> Provided information:

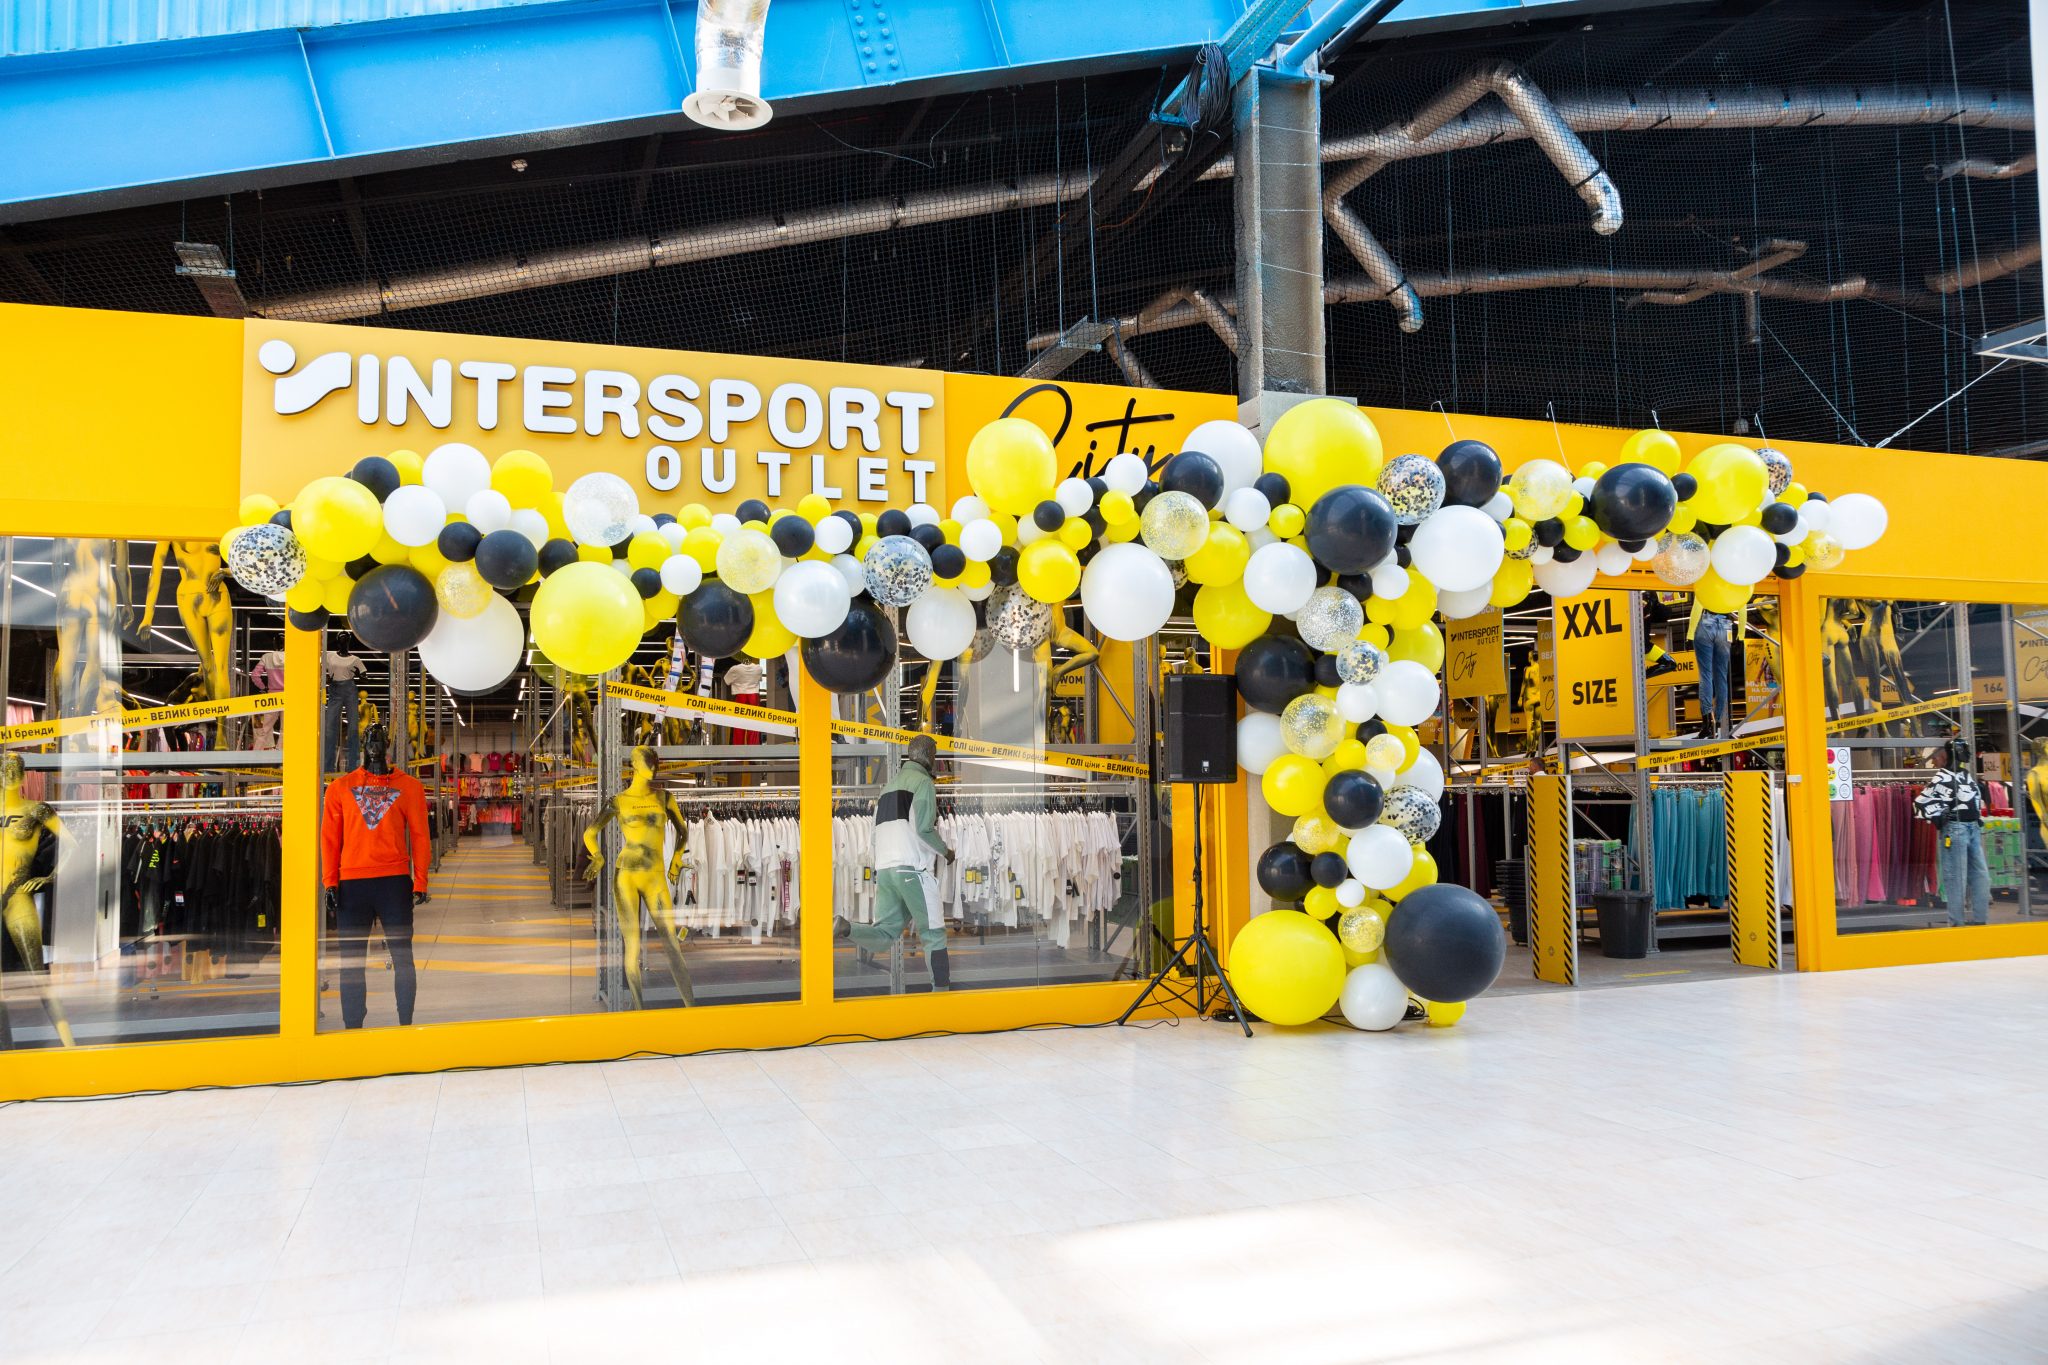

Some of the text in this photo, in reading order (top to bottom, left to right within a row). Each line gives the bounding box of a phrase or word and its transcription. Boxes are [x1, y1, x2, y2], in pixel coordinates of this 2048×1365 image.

[358, 353, 935, 454] INTERSPORT
[645, 445, 936, 503] OUTLET
[1562, 598, 1623, 640] XXL
[1457, 625, 1500, 641] INTERSPORT
[1452, 651, 1478, 681] City
[606, 685, 666, 702] ЕЛИКІ бренди
[1572, 678, 1618, 705] SIZE
[1983, 683, 2003, 693] 164
[255, 697, 278, 708] ГОЛІ
[686, 698, 706, 709] ГОЛІ
[708, 703, 726, 712] ціни
[734, 706, 766, 719] ВЕЛИКІ
[767, 713, 797, 724] бренди
[150, 708, 190, 721] ВЕЛИКІ
[193, 705, 230, 717] бренди
[15, 726, 54, 740] бренди
[863, 727, 893, 740] ВЕЛИКІ
[895, 733, 915, 742] брен
[949, 740, 967, 750] ГОЛІ
[968, 744, 985, 753] ціни
[991, 746, 1021, 758] ВЕЛИКІ
[1066, 757, 1083, 767] ГОЛІ
[1085, 759, 1100, 769] ціни
[1107, 763, 1134, 774] ВЕЛИКІ
[1650, 757, 1663, 765] ГОЛІ
[1680, 751, 1700, 760] ВЕЛИКІ
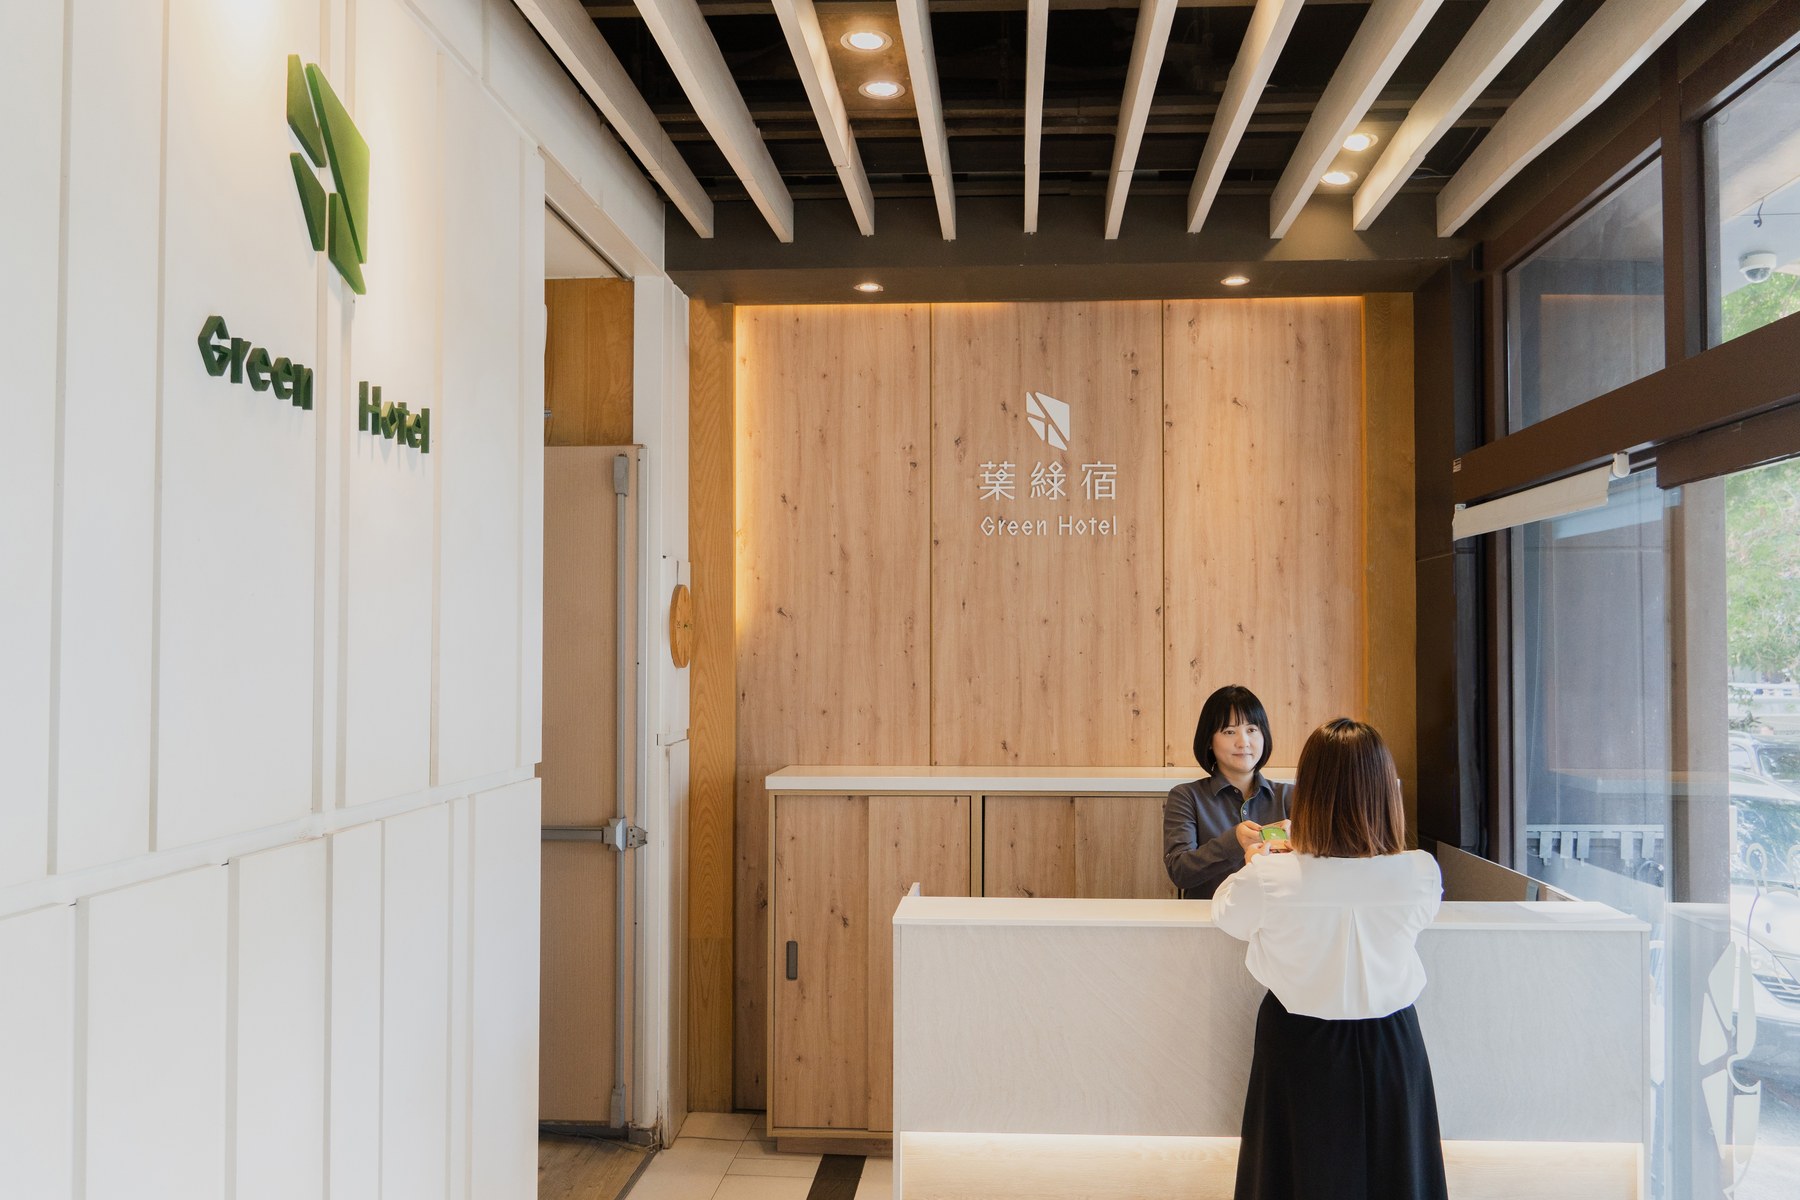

> Work item: The data is to be printed again exactly, but without its pictures.

> Final answer:
Some of the text in this photo, in reading order (top to bottom, left to right within a row). Each line gives the bounding box of a phrase or word and its transcription. Boxes are [x1, y1, x2, y2], in pixel coordinates of this 2048×1365 image.

[358, 353, 935, 454] INTERSPORT
[645, 445, 936, 503] OUTLET
[1562, 598, 1623, 640] XXL
[1457, 625, 1500, 641] INTERSPORT
[1452, 651, 1478, 681] City
[606, 685, 666, 702] ЕЛИКІ бренди
[1572, 678, 1618, 705] SIZE
[1983, 683, 2003, 693] 164
[255, 697, 278, 708] ГОЛІ
[686, 698, 706, 709] ГОЛІ
[708, 703, 726, 712] ціни
[734, 706, 766, 719] ВЕЛИКІ
[767, 713, 797, 724] бренди
[150, 708, 190, 721] ВЕЛИКІ
[193, 705, 230, 717] бренди
[15, 726, 54, 740] бренди
[863, 727, 893, 740] ВЕЛИКІ
[895, 733, 915, 742] брен
[949, 740, 967, 750] ГОЛІ
[968, 744, 985, 753] ціни
[991, 746, 1021, 758] ВЕЛИКІ
[1066, 757, 1083, 767] ГОЛІ
[1085, 759, 1100, 769] ціни
[1107, 763, 1134, 774] ВЕЛИКІ
[1650, 757, 1663, 765] ГОЛІ
[1680, 751, 1700, 760] ВЕЛИКІ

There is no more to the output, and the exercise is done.